Ao final do regime, um terço da economia brasileira se encontrava, de uma forma ou de outra, sob o comando ou sob a influência do Estado, direta ou indiretamente, com centenas de empresas estatais dominando o volume de investimentos produtivos; praticamente 95% da oferta interna era inteiramente “made in Brasil”, e o coeficiente de abertura externa era um dos mais baixos na média mundial das economias de mercado. Esse foi o regime militar “de direita”, que, a despeito da doutrina oficial, mantinha diversas divergências com o principal líder do bloco mundial anticomunista, e não apenas no plano da política externa, dado o alegado terceiro-mundismo da sua diplomacia.
No plano interno, a alegada influência de “esquerdistas” no quarto mandato dos generais desse regime “de direita” motivou, em 1977, uma tentativa de golpe de Estado dentro do golpe militar: a do general Sylvio Frota, ministro do Exército, contra o seu chefe, o presidente “prussiano” Ernesto Geisel.
Vinte e um anos após o final do regime militar, ou seja, em 2006, a hegemonia da esquerda parecia completa, com a reeleição praticamente tranquila do seu principal líder, o presidente do país e presidente de honra do Partido dos Trabalhadores. Os companheiros, que partilhavam com os militares a orientação intervencionista e introvertida na economia, se instalaram em praticamente todos os “aparelhos do Estado”, e assim ficaram pelos dez anos seguintes, a despeito de turbulências já no início do quarto mandato do partido, com manifestações de rua a propósito da imensa corrupção revelada pela Operação Lava Jato, também açuladas pela maior recessão da história econômica nacional, com desemprego nas alturas e um déficit excepcional no orçamento público.
Um impeachment foi aprovado, não exatamente pelos crimes orçamentários e contra a Lei de Responsabilidade Fiscal praticados pela mandatária, e mais pelos seus desentendimentos com o corpo congressual, o que motivou um imenso clamor da esquerda, inclusive em nível internacional, a propósito do “golpe” da “direita” praticado contra o regime do PT.
O termo “regime” não é despropositado nesse contexto, pois que os três mandatos e meio do partido, entre 2003 e meados de 2016, estiveram efetivamente sob a hegemonia do PT, ainda que este tenha recorrido aos aliados eventuais na direita para garantir a sua base congressual. Tal se deu em meio à promiscuidade que seus principais líderes mantinham com políticos supostamente de direita – o famoso Centrão, um amálgama parlamentar de contornos indefinidos –, como forma de preservar em bases relativamente equilibradas a chantagem recíproca que sempre exerceram um contra o outro o Executivo e o Legislativo.

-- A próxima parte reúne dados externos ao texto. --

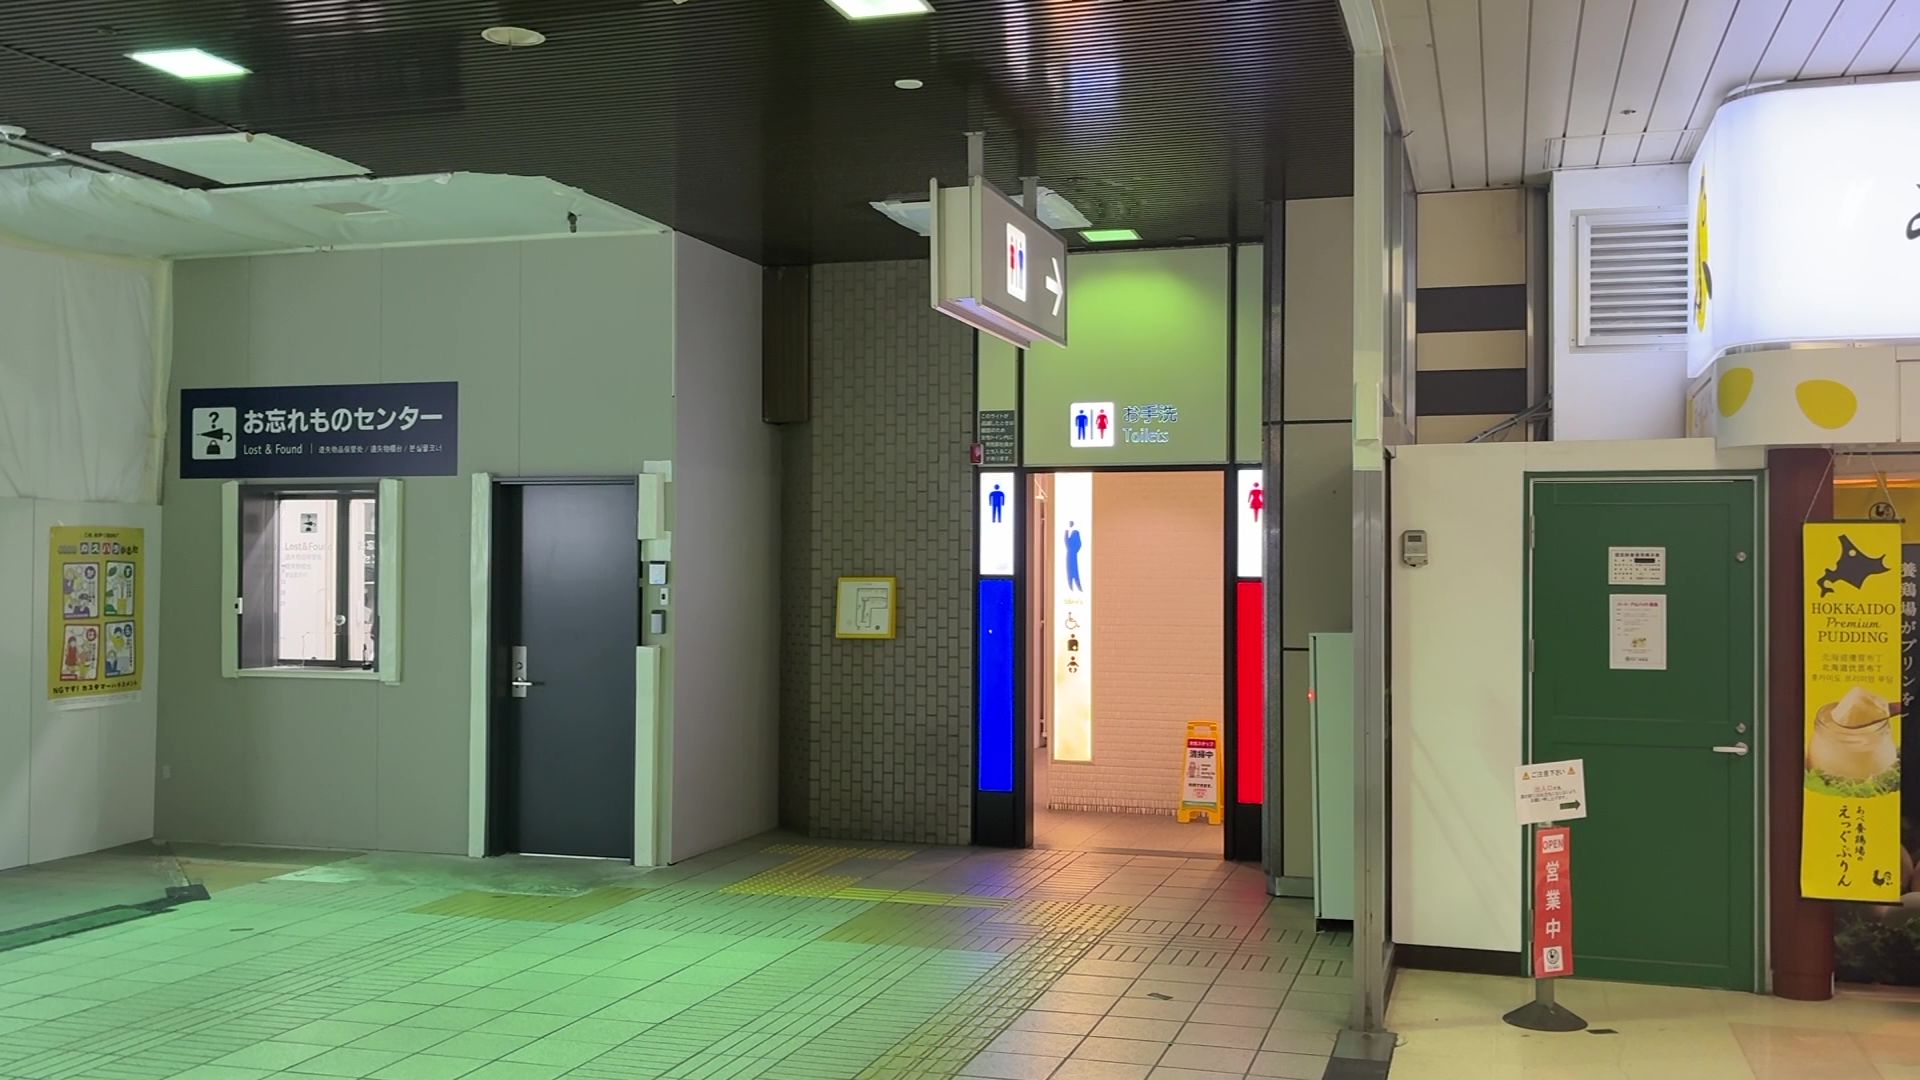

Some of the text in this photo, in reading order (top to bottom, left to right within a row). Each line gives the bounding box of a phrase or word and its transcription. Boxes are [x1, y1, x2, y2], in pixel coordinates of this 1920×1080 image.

[243, 405, 443, 434] お忘れものセンター
[1122, 404, 1178, 423] お手洗
[1122, 428, 1169, 443] Toilets
[243, 444, 262, 455] Lost
[264, 444, 273, 455] &
[275, 443, 303, 455] Found
[1812, 602, 1896, 616] HOKKAIDO
[1826, 617, 1881, 629] Premium
[1818, 630, 1889, 643] PUDDING
[1543, 838, 1564, 850] OPEN
[1545, 860, 1561, 939] 営業中

O Judiciário intervinha pouco na política, nesses tempos de hegemonia da esquerda, ainda que tenha facilitado a fragmentação extrema do sistema político-partidário e induzido o Congresso a aumentar exageradamente a extração predatória dos recursos públicos ao restringir o financiamento privado de campanhas eleitorais. A resposta dos políticos foi a criação do Fundo Eleitoral, ao lado do já lamentável Fundo Partidário, o principal instrumento de criação de partidos de aluguel, uma pletora de legendas sem qualquer base social ou eleitoral, sobrevivendo apenas graças ao cartorialismo da legislação.

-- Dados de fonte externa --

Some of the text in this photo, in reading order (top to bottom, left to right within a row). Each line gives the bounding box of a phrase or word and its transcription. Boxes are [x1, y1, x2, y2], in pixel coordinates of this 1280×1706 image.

Vinte anos depois da ascensão ao poder das forças de esquerda e seis anos após sua derrocada pelo “golpe parlamentar” do impeachment, a hegemonia política parece ter retornado a estas últimas, pelo menos no plano presidencial. Mas, as eleições para o corpo congressual parecem ter assegurado um predomínio da direita e mesmo da extrema-direita. Esta é a suposição contida no subtítulo deste ensaio, sugerida pelo editor desta revista, ainda que seu autor não partilhe inteiramente dos fundamentos de tal argumento, o que é revelado pelo seu título, alusivo a um famoso mito sobre a abertura de uma caixa misteriosa contendo todo tipo de boas e, sobretudo, más surpresas.
Dentre os motivos dessa discordância podem ser citadas evidências quanto à diversidade das direitas no Brasil – a exemplo das esquerdas –, assim como a necessidade de se distinguir, numa análise de corte histórico-analítico, elementos estruturais e históricos respondendo pelo conservadorismo quase genético da política brasileira de elementos conjunturais e episódicos. Esses elementos podem explicar inclinações tímidas à social-democracia e à esquerda em determinadas fases da vida nacional. Caberia considerar, igualmente, a influência de fatores externos sobre a evolução recente da política nacional, notadamente por meio de impulsos conservadores, e até reacionários, vindos de alas nacionalistas e populistas presentes em diversos países, em especial nos Estados Unidos, de onde surgiu a proposta de uma Internacional Conservadora, com representantes designados no Brasil, justamente no próprio núcleo familiar do poder.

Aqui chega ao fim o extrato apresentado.